---------- DATA RECORDS ----------

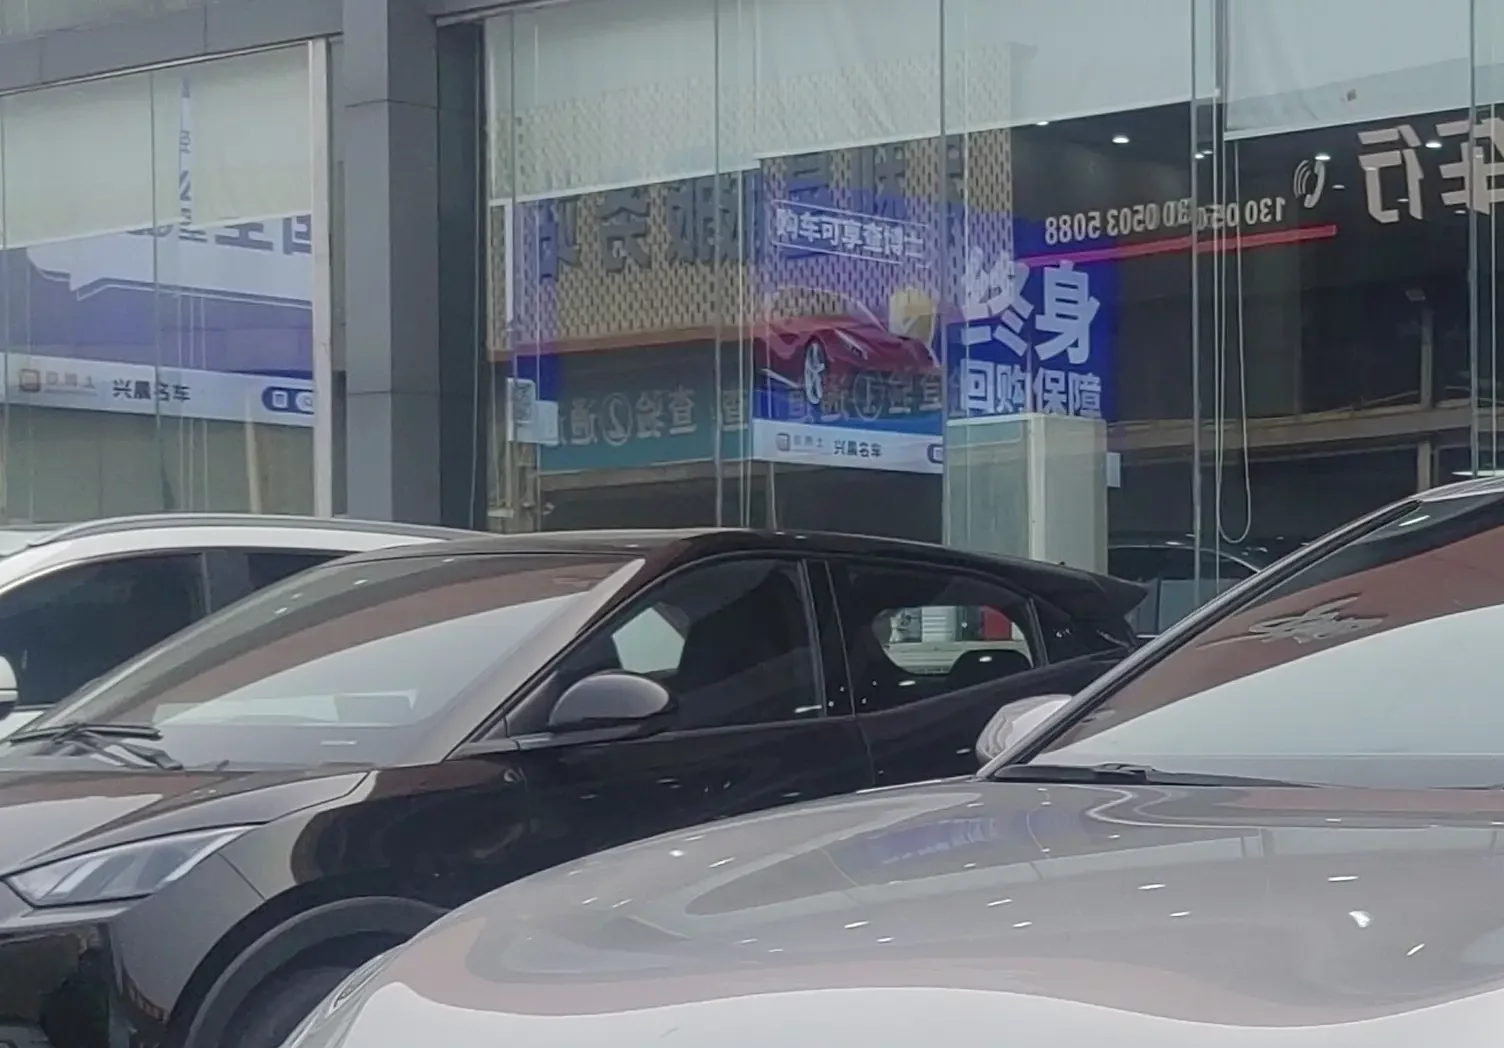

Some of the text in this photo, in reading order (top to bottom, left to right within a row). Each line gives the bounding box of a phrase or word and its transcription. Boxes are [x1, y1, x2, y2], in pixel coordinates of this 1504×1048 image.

[960, 247, 1101, 365] 终身
[959, 358, 1102, 420] 回购保障
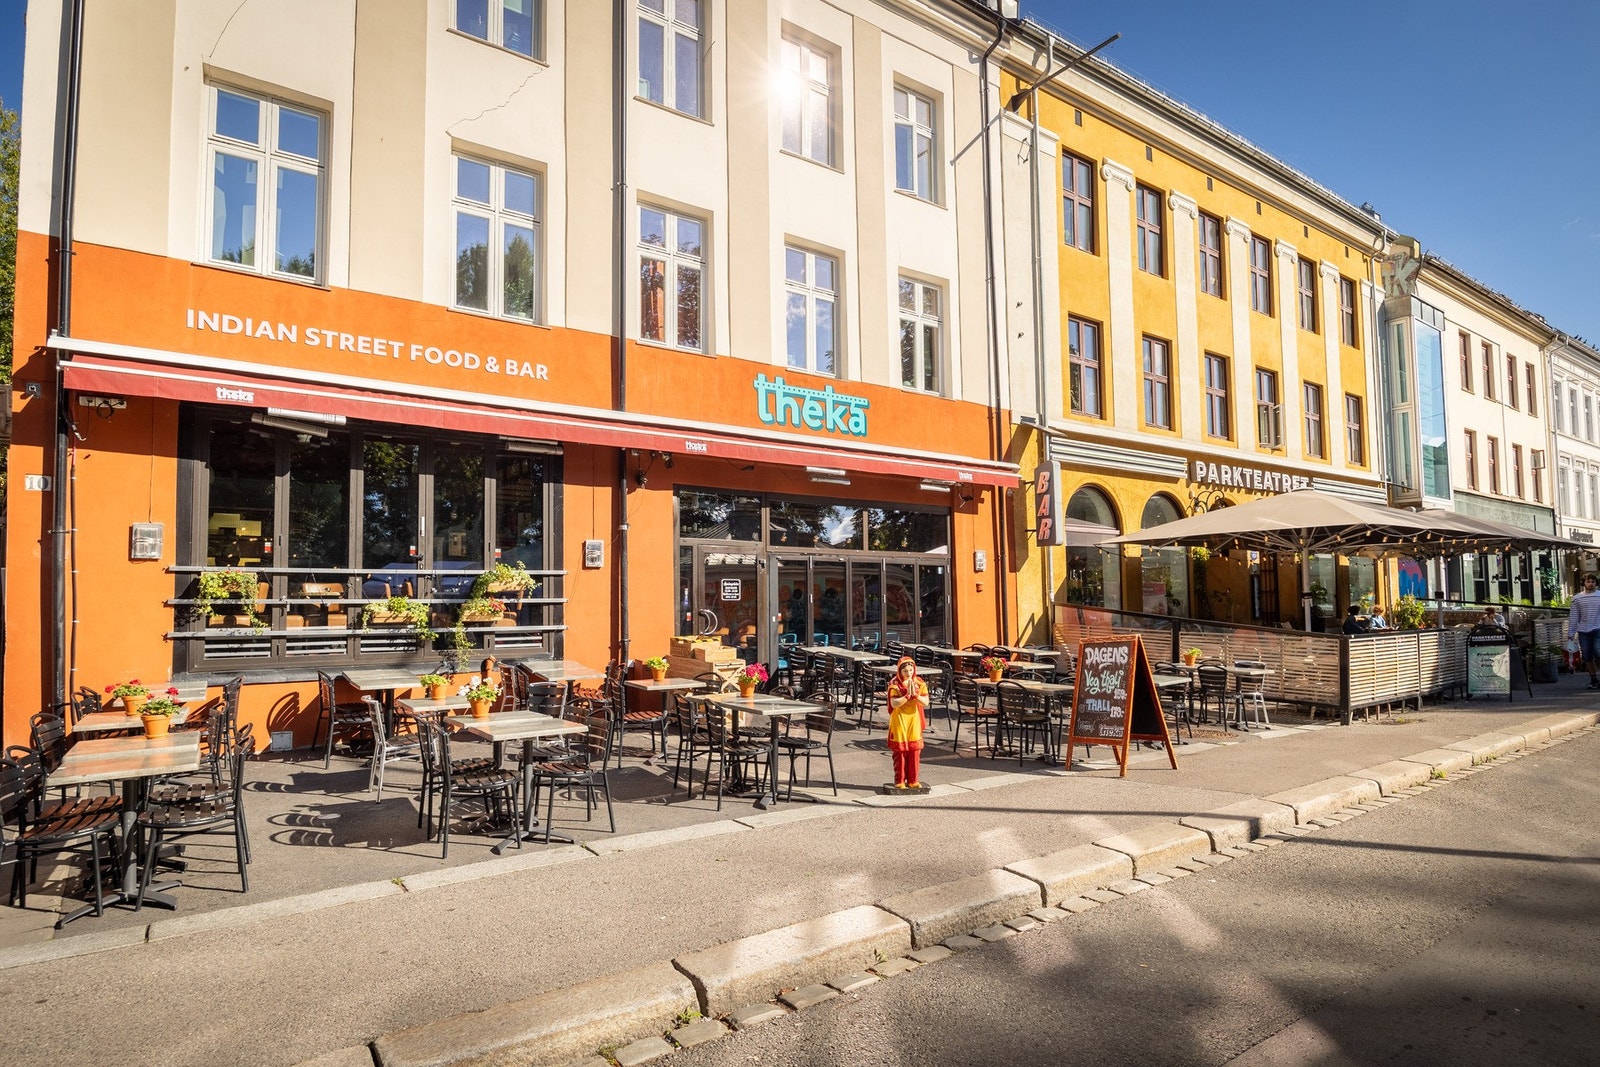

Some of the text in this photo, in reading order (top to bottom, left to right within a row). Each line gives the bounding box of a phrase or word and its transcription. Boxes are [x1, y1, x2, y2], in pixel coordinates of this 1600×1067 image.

[186, 308, 549, 381] INDIAN STREET FOOD & BAR
[753, 373, 869, 436] theka
[28, 477, 49, 489] 10
[1195, 460, 1310, 493] PARKTEATRET
[1036, 471, 1052, 541] BAR
[1084, 646, 1129, 665] DAGENS
[1084, 669, 1124, 695] Veg thali
[1086, 698, 1111, 712] THALI

----------

GOAL OF THE EXERCISE
Copy exactly the lines that run from the one containing "this 1600×1067 image." to the last line of the listing, both included, and nothing more.

SOLUTION
Some of the text in this photo, in reading order (top to bottom, left to right within a row). Each line gives the bounding box of a phrase or word and its transcription. Boxes are [x1, y1, x2, y2], in pixel coordinates of this 1600×1067 image.

[186, 308, 549, 381] INDIAN STREET FOOD & BAR
[753, 373, 869, 436] theka
[28, 477, 49, 489] 10
[1195, 460, 1310, 493] PARKTEATRET
[1036, 471, 1052, 541] BAR
[1084, 646, 1129, 665] DAGENS
[1084, 669, 1124, 695] Veg thali
[1086, 698, 1111, 712] THALI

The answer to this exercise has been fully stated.